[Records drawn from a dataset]
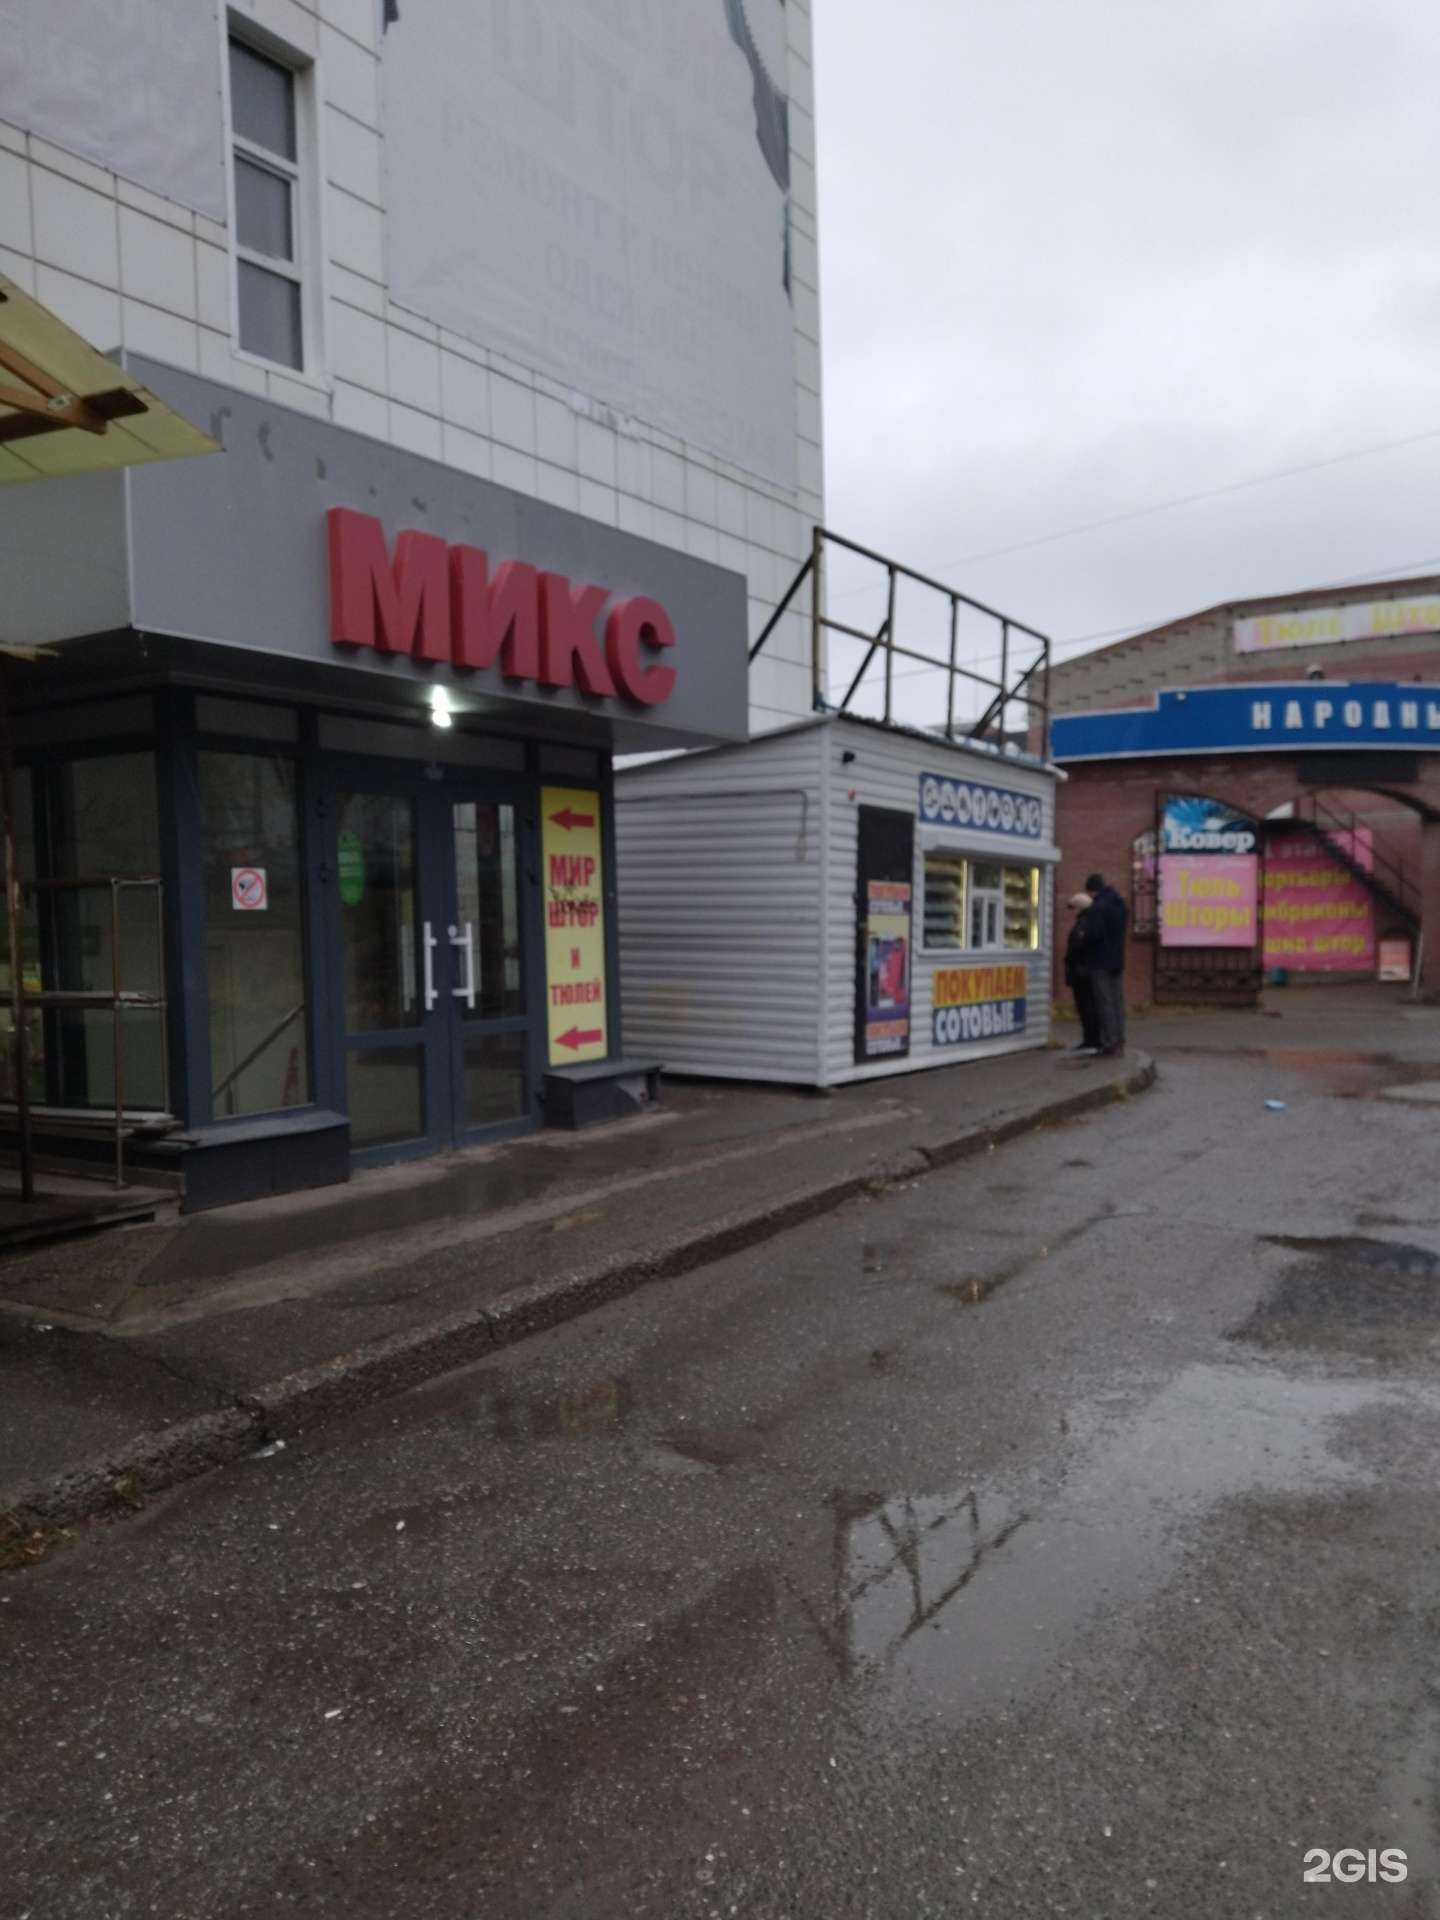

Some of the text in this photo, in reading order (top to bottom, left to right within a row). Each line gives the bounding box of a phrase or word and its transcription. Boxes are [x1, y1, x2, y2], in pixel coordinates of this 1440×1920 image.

[327, 506, 677, 706] МИКС
[1168, 827, 1256, 853] Ковер
[549, 855, 596, 887] МИР
[548, 901, 599, 928] ШТОР
[1166, 900, 1251, 933] Шторы
[550, 979, 601, 1006] ТЮЛЕЙ
[936, 1001, 1015, 1043] СОТОВЫЕ
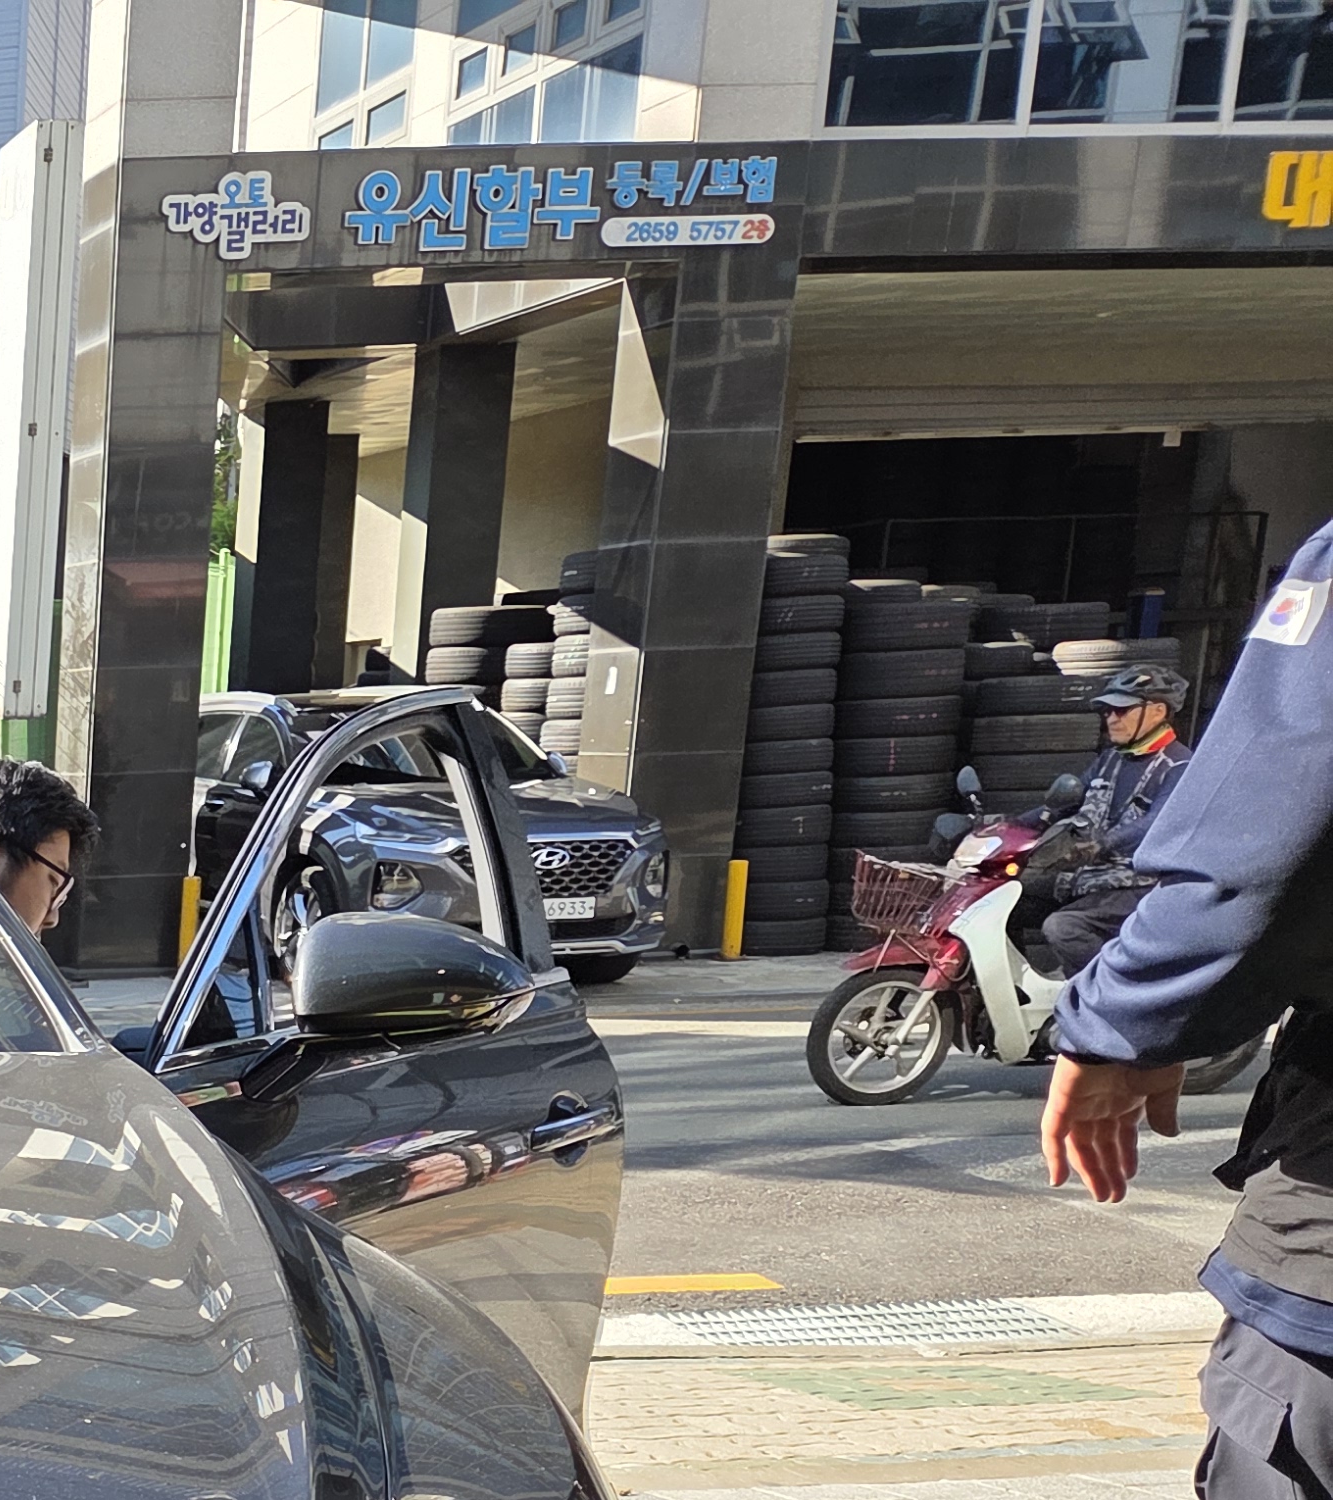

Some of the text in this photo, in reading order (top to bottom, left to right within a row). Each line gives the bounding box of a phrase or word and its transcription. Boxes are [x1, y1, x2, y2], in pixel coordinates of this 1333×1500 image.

[220, 177, 268, 210] 오토
[605, 155, 778, 209] 등록/보험
[168, 200, 219, 236] 가양
[344, 164, 601, 252] 유신할부
[219, 208, 304, 253] 갤러리
[625, 220, 679, 242] 2659
[689, 219, 740, 241] 5757
[547, 900, 587, 917] 6933
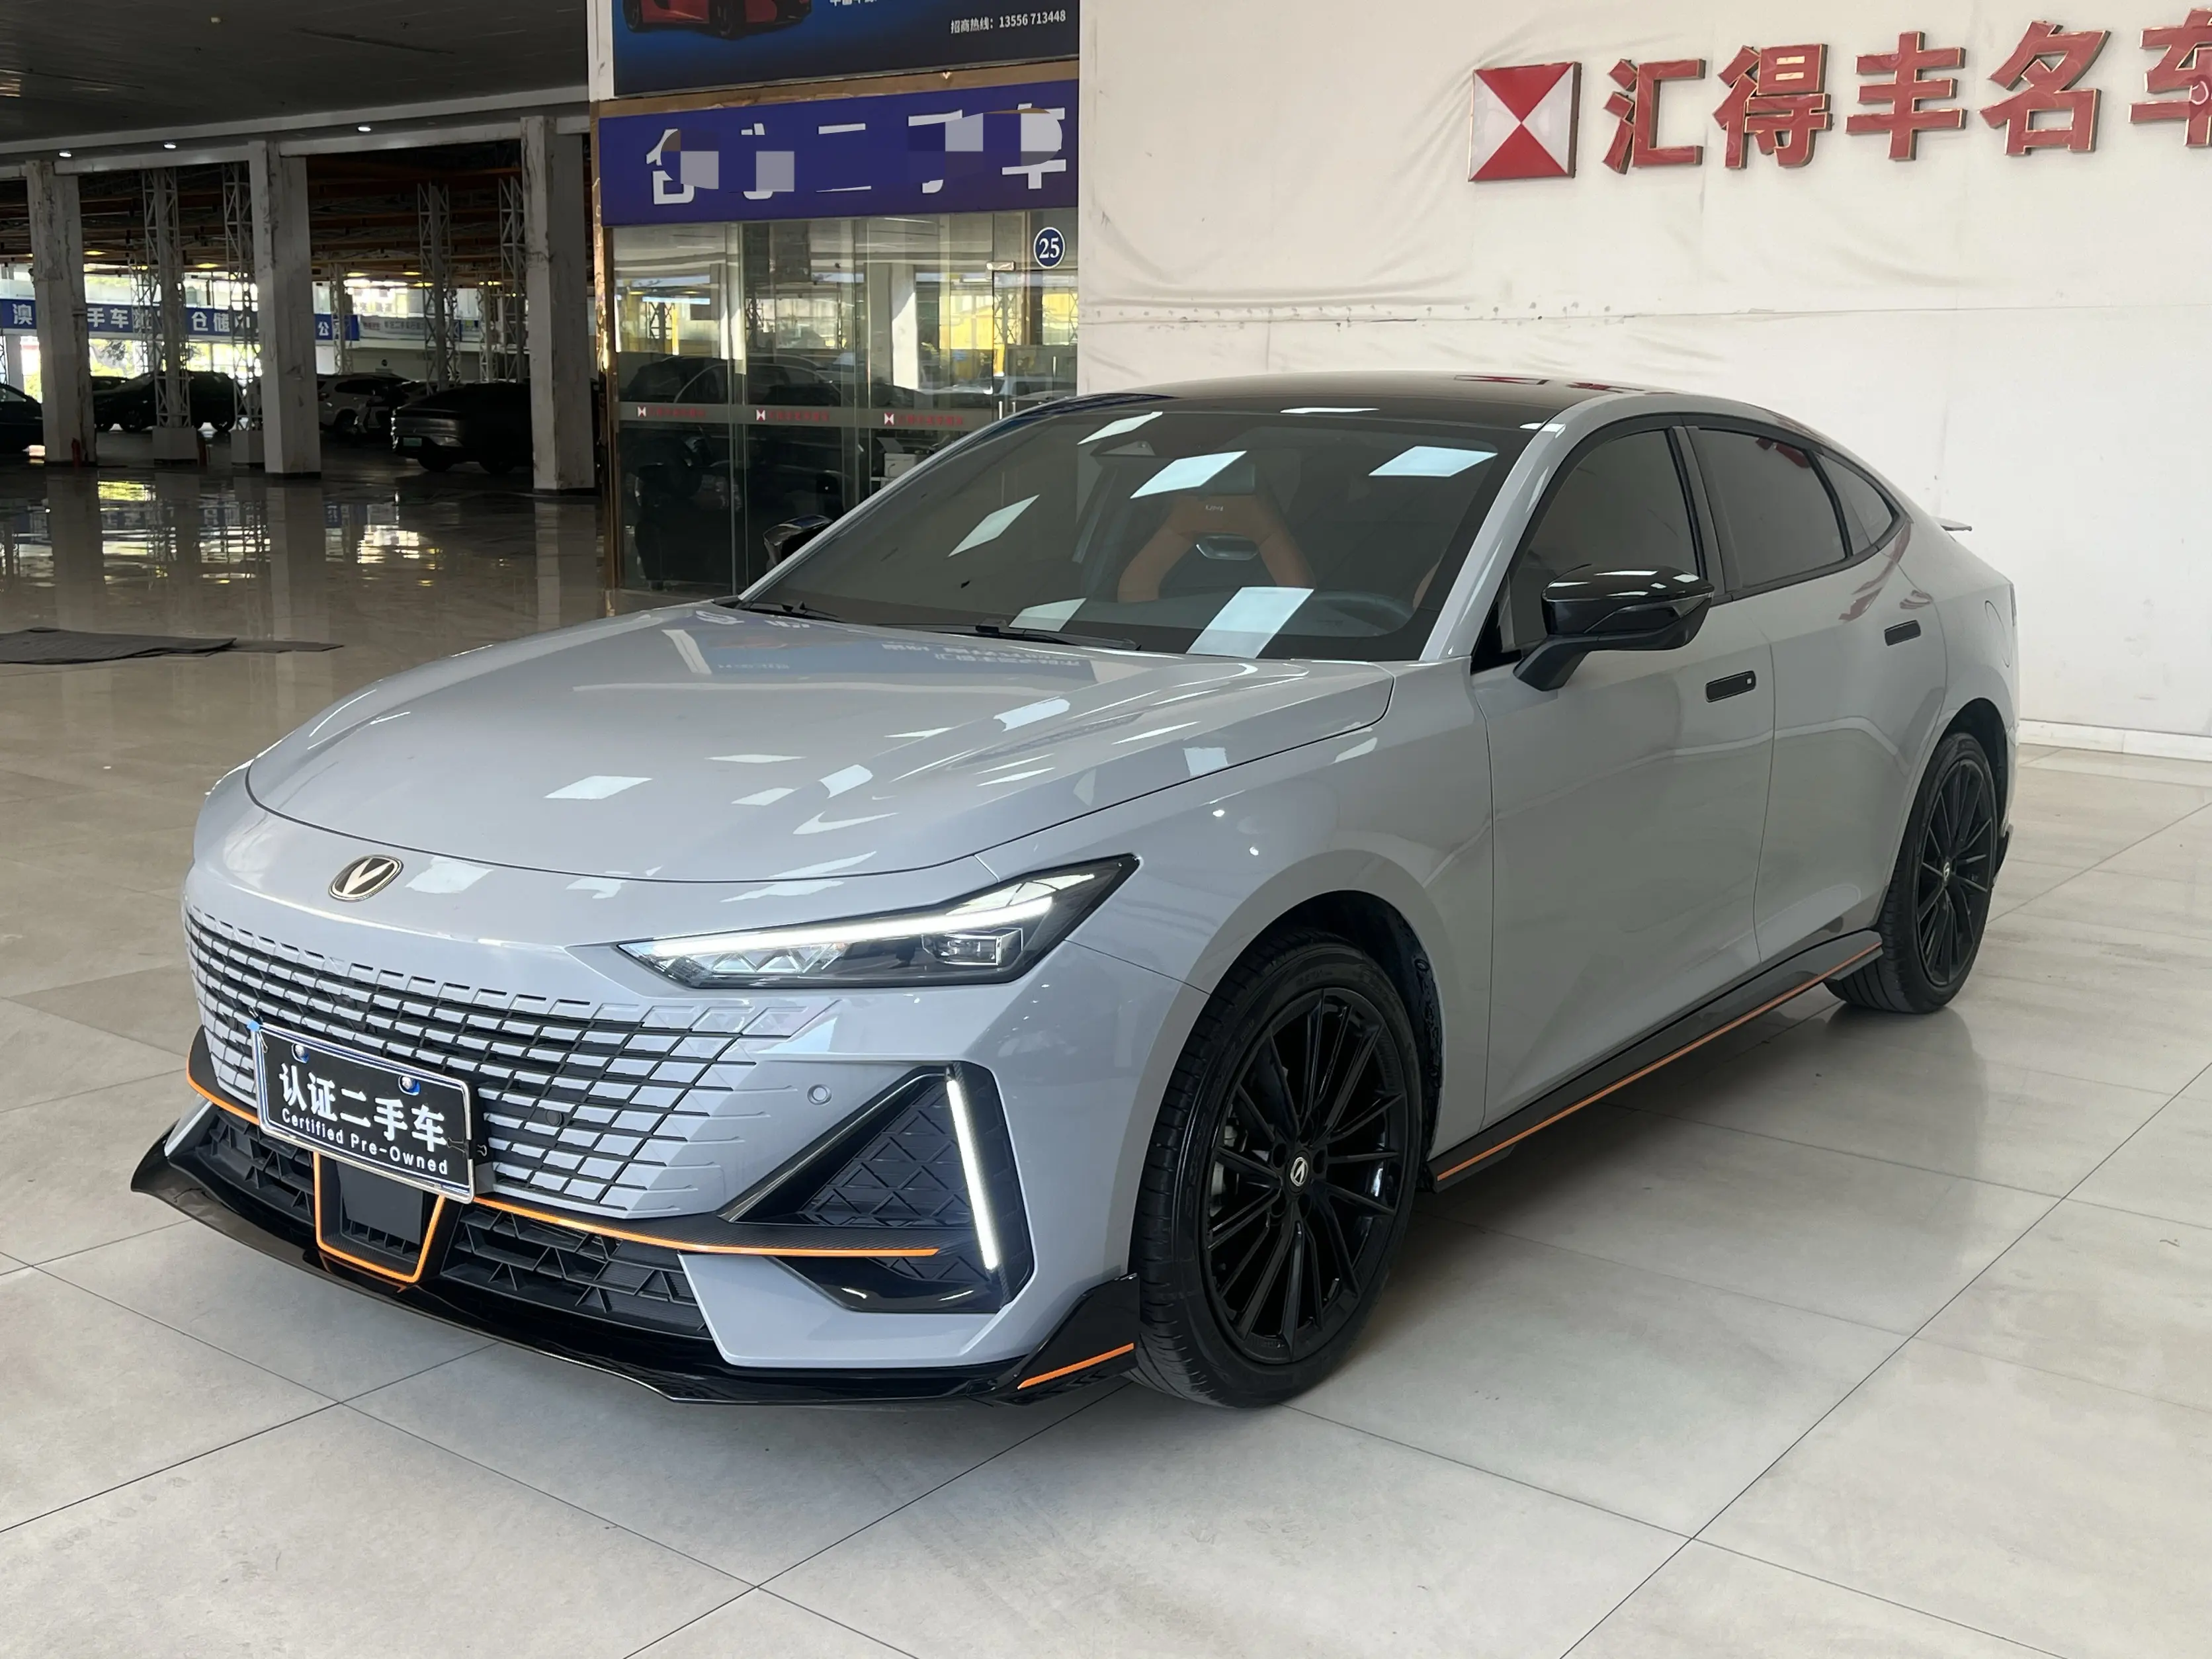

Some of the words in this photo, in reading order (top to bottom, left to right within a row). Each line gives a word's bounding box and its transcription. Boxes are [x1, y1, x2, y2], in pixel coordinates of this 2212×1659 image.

[999, 15, 1028, 28] 13556
[1030, 9, 1066, 24] 713448
[1602, 7, 2212, 175] 汇得丰名车
[1039, 237, 1060, 259] 25
[278, 1062, 447, 1152] 认证二手车
[282, 1108, 344, 1144] Certified
[351, 1133, 448, 1175] Pre-Owned

**What is being asked**
The answer should consist only of the lines from the line with "this 1333×1500 image." through the last line of the data, repeated exactly; pictures stay out.

**Response for this exercise**
Some of the text in this photo, in reading order (top to bottom, left to right within a row). Each line gives the bounding box of a phrase or word and its transcription. Boxes are [x1, y1, x2, y2], in pixel coordinates of this 1333×1500 image.

[220, 177, 268, 210] 오토
[605, 155, 778, 209] 등록/보험
[168, 200, 219, 236] 가양
[344, 164, 601, 252] 유신할부
[219, 208, 304, 253] 갤러리
[625, 220, 679, 242] 2659
[689, 219, 740, 241] 5757
[547, 900, 587, 917] 6933

Some of the words in this photo, in reading order (top to bottom, left to right within a row). Each line gives a word's bounding box and its transcription. Boxes are [x1, y1, x2, y2], in pixel coordinates of this 2212×1659 image.

[999, 15, 1028, 28] 13556
[1030, 9, 1066, 24] 713448
[1602, 7, 2212, 175] 汇得丰名车
[1039, 237, 1060, 259] 25
[278, 1062, 447, 1152] 认证二手车
[282, 1108, 344, 1144] Certified
[351, 1133, 448, 1175] Pre-Owned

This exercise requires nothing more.